(Task item) Could you please output all of the data exactly, without the images?

(Exercise material)
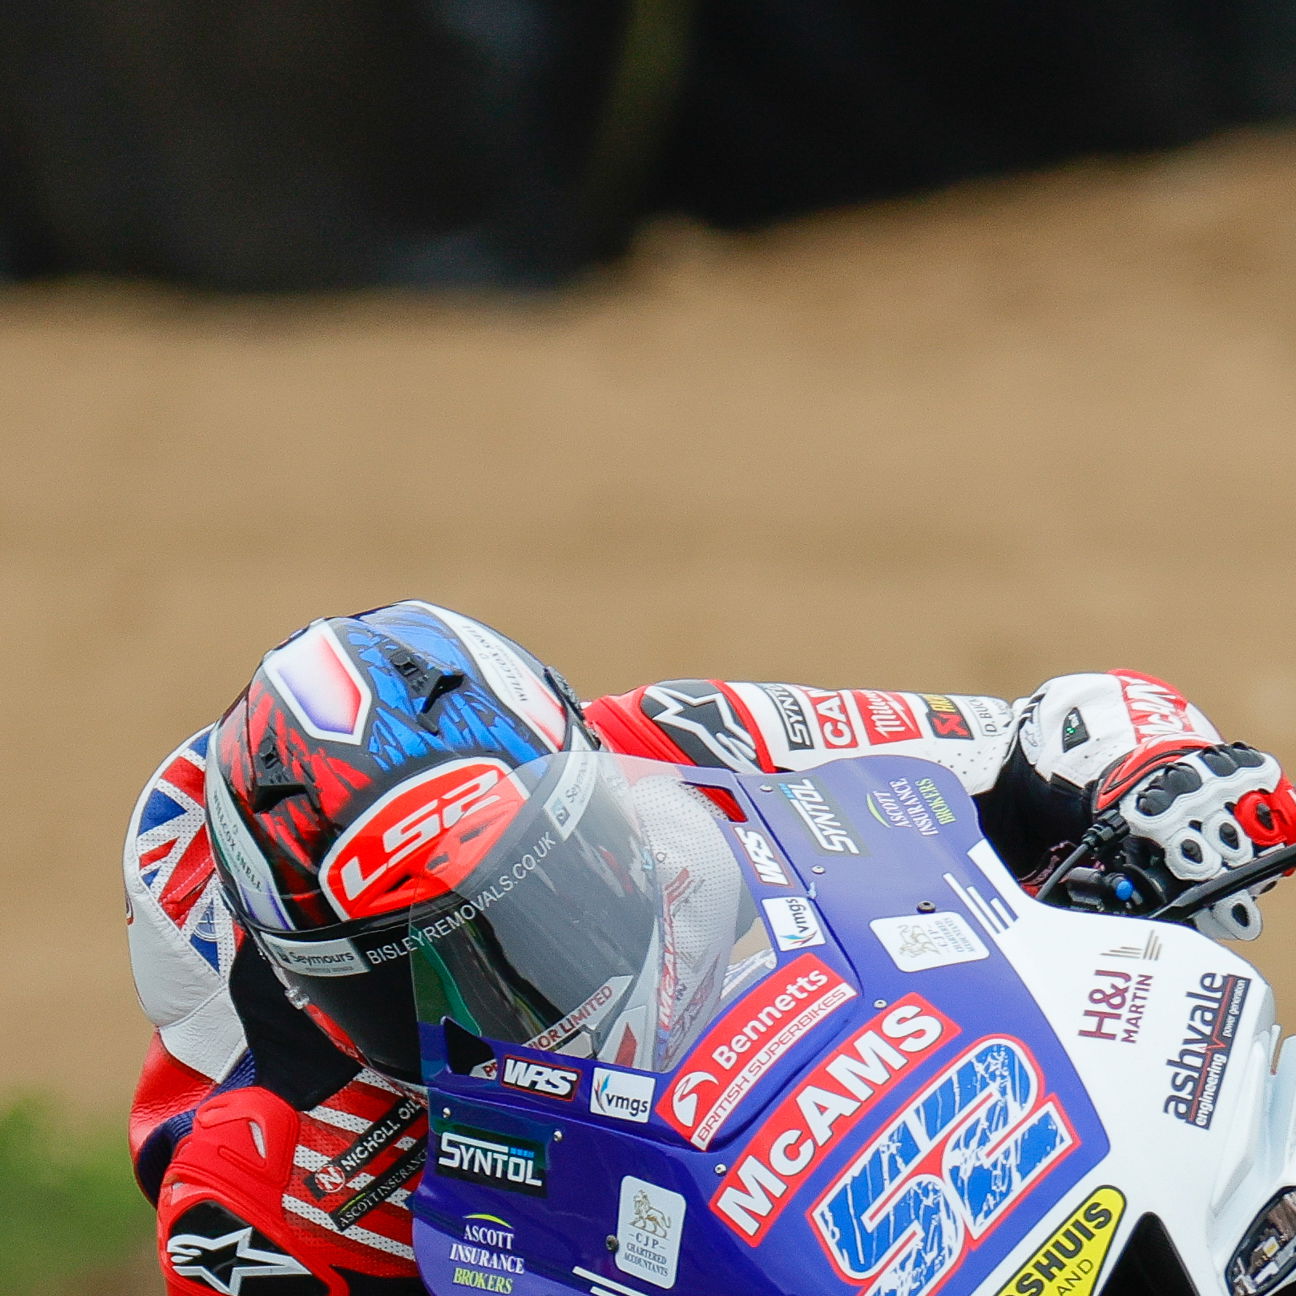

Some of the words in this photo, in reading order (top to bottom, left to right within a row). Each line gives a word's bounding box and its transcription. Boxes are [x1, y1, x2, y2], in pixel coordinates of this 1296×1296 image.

[788, 778, 859, 854] SYNTOL
[889, 778, 939, 836] INSURANCE
[914, 778, 957, 825] BROKERS
[340, 769, 501, 901] LS2
[734, 826, 790, 886] WRS
[366, 831, 556, 965] BISLEYREMOVALS.CO.UK
[290, 951, 354, 967] Seymours
[562, 985, 613, 1034] LIMITED
[711, 968, 829, 1071] Bennetts
[1077, 969, 1132, 1041] H&J
[1120, 973, 1154, 1044] MARTIN
[699, 1075, 750, 1142] BRITISH
[747, 988, 846, 1077] SUPERBIKES
[1162, 971, 1228, 1121] ashvale
[503, 1058, 579, 1096] WRS
[605, 1093, 649, 1117] vmgs
[1195, 1053, 1228, 1127] engineering
[341, 1117, 400, 1172] NICHOLL
[715, 1004, 944, 1238] McAMS
[340, 1193, 379, 1227] ASCOTT
[378, 1150, 428, 1201] INSURANC
[438, 1131, 543, 1187] SYNTOL
[450, 1244, 525, 1274] INSURANCE
[463, 1224, 515, 1250] ASCOTT
[626, 1242, 667, 1265] CHARTERED
[452, 1267, 513, 1295] BROKERS

(Solution to the exercise)
Some of the words in this photo, in reading order (top to bottom, left to right within a row). Each line gives a word's bounding box and its transcription. Boxes are [x1, y1, x2, y2], in pixel coordinates of this 1296×1296 image.

[788, 778, 859, 854] SYNTOL
[889, 778, 939, 836] INSURANCE
[914, 778, 957, 825] BROKERS
[340, 769, 501, 901] LS2
[734, 826, 790, 886] WRS
[366, 831, 556, 965] BISLEYREMOVALS.CO.UK
[290, 951, 354, 967] Seymours
[562, 985, 613, 1034] LIMITED
[711, 968, 829, 1071] Bennetts
[1077, 969, 1132, 1041] H&J
[1120, 973, 1154, 1044] MARTIN
[699, 1075, 750, 1142] BRITISH
[747, 988, 846, 1077] SUPERBIKES
[1162, 971, 1228, 1121] ashvale
[503, 1058, 579, 1096] WRS
[605, 1093, 649, 1117] vmgs
[1195, 1053, 1228, 1127] engineering
[341, 1117, 400, 1172] NICHOLL
[715, 1004, 944, 1238] McAMS
[340, 1193, 379, 1227] ASCOTT
[378, 1150, 428, 1201] INSURANC
[438, 1131, 543, 1187] SYNTOL
[450, 1244, 525, 1274] INSURANCE
[463, 1224, 515, 1250] ASCOTT
[626, 1242, 667, 1265] CHARTERED
[452, 1267, 513, 1295] BROKERS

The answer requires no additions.